Imran Khan, Former Captain of the World Cup Winning Cricket Squad of Pakistan and more importantly, the Founder and Leader of Pakistan Tehreek-e-Insaaf, a growing political outfit, is being seen these days as the man who could become the next Prime Minister of Pakistan and restore the currently jeopardized rule of law in the State. Imran has been a highly popular figure in Pakistan ever since his cricketing days but his political career till a few months back was thought not to be anything worth praising. His repeated attempts to build his party into one of the heavyweights in Pakistan failed but Imran’s popularity among the political circles in Islamabad has been on the rise ever since he and his party organized a highly successful rally. People see him as somebody who has got ideology, capability and most importantly the backing of the army to come to power. Imran himself acknowledges his growing political clout and has even predicted that his party is not only to going to win the elections but they are also going to decimate all their opponents as the elections will turn out to be a clean sweep for them.
Recently I saw an interview of Imran in which he was in conversation with veteran Indian journalist Karan Thapar and he spoke on a range of issues. Imran basically has four things on his agenda, namely, political administration, economy, terrorism and foreign policy (especially in relation to close ally cum adversary United State of America and India). Imran believes that if his party comes to power in Pakistan (and he sounds pretty confident of his party’s triumph) and if he becomes the PM then he will take control of the situation. He will be the one who will call the shots. He says that he will have the all powerful Pakistan Army and the ever conniving Inter-Services Intelligence (ISI) under his control. Imran wants to be the man in control and he doesn’t even want to compromise on Pakistan’s sovereignty, therefore he will not tolerate Washington’s meddling with Islamabad’s internal affairs.
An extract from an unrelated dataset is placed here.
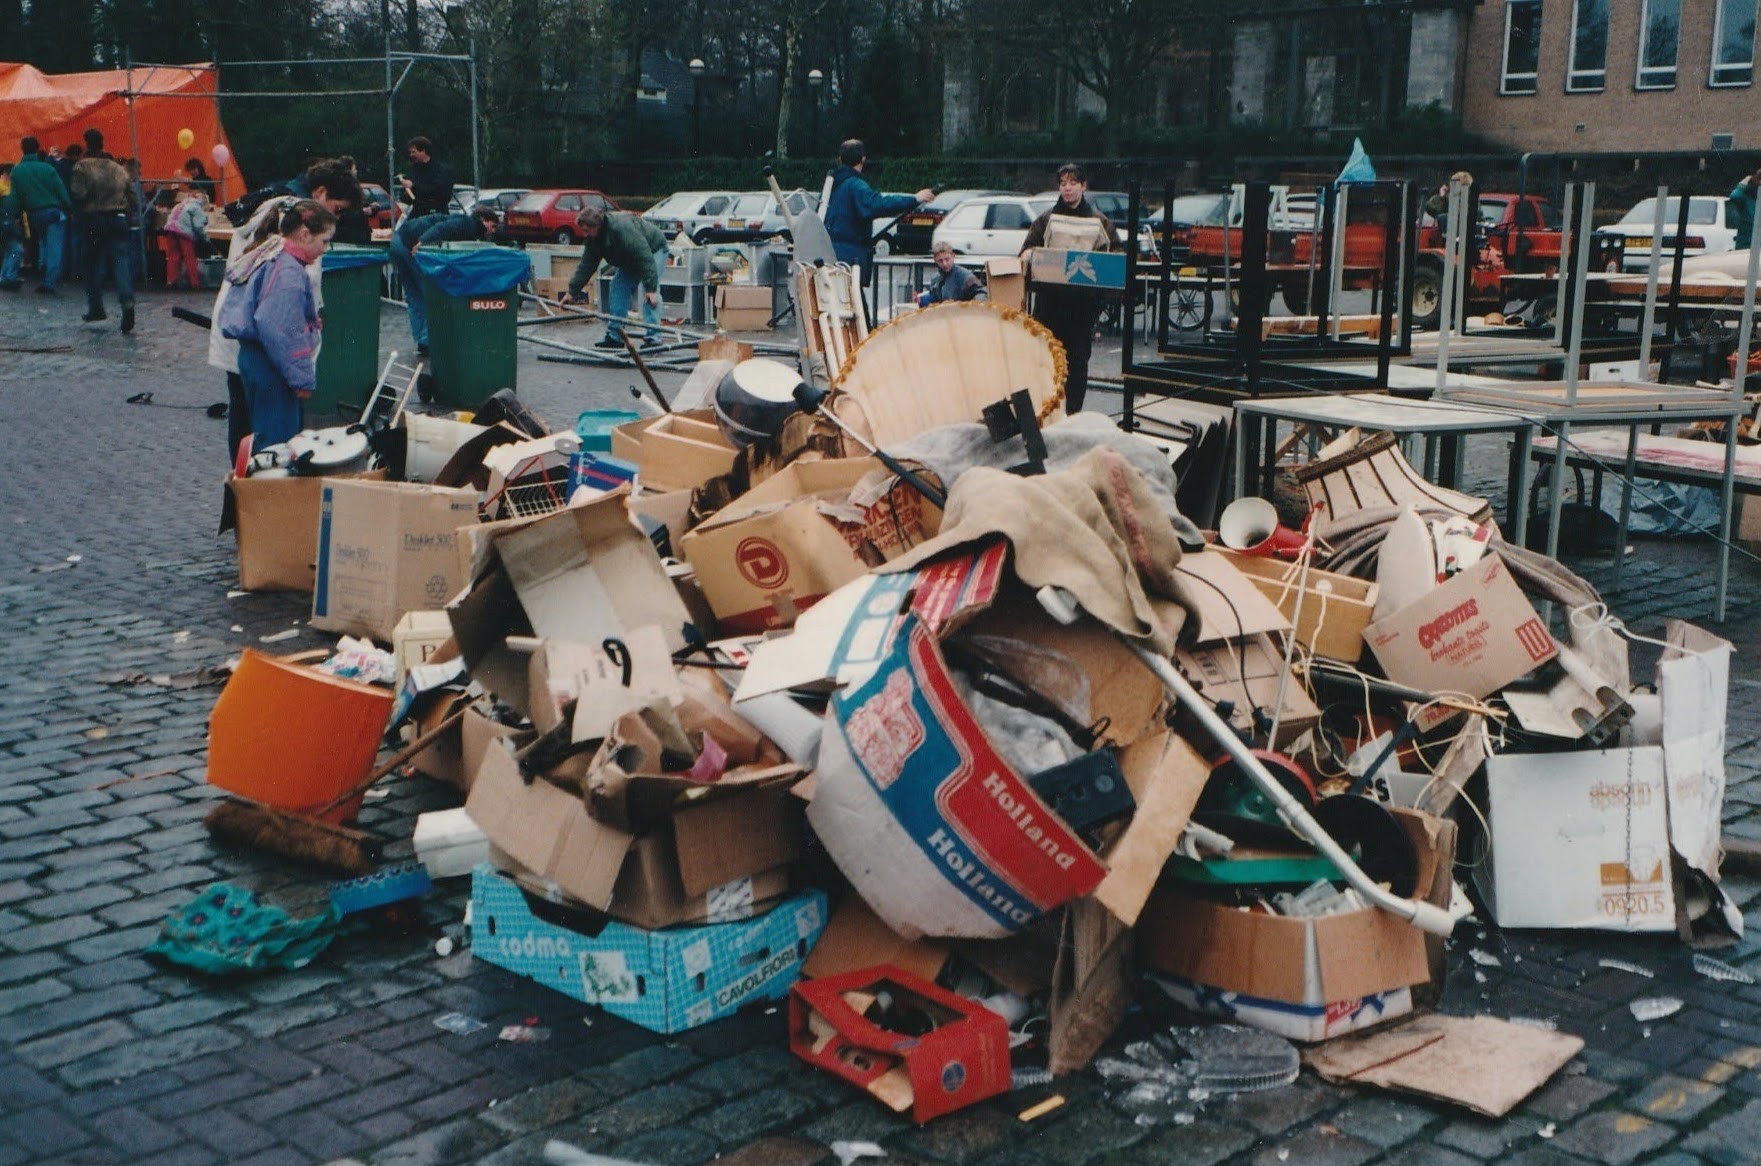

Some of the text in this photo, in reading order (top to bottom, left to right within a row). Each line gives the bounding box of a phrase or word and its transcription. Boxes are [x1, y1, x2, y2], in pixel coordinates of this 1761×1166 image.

What I like about Imran is that he doesn’t want to be a puppet in either the Army’s or the ISI’s hands and therefore he has made it pretty clear that he will ensure the supremacy of the civilian government over the two powerful organizations. Imran’s economic policy of reviving Pakistan’s financial position and tackling its fiscal deficit is based on an aggressive tax plan of which I am a great admirer. Imran plans to do away with all sorts of tax exemptions (including the one on foreign remittances) and tax concessions. It is his argument that Pakistan can collect as much as Rs 2 trillion from an effective tax collection exercise which will be enough to tackle its deficit of Rs 1 trillion. He is of the opinion that the ruling regime is suffering from lack of funds because of huge amounts of tax evasion. Imran intends to put a brake on that. He wants to lead by example. He has urged all politicians to declare their assets before fighting the elections. Imran even wants to reach out to the people by shunning symbols of extravagance. He will rid politicians and bureaucrats of the heavy incentives which they get and plans to cut down on government expenditure incurred on things like maintenance of the Presidential Palace and various villas of State Governors. Not only this, he will turn such palaces into educational institutions to address the problem of education. By doing so Imran thinks that he will inspire the people to pay taxes for the benefit of Pakistan. So Imran Khan’s economic policy is not merely based on an aggressive tax plan as I stated earlier but also on a string of initiatives on his own personal part which he hopes will strike a chord with the people of Pakistan.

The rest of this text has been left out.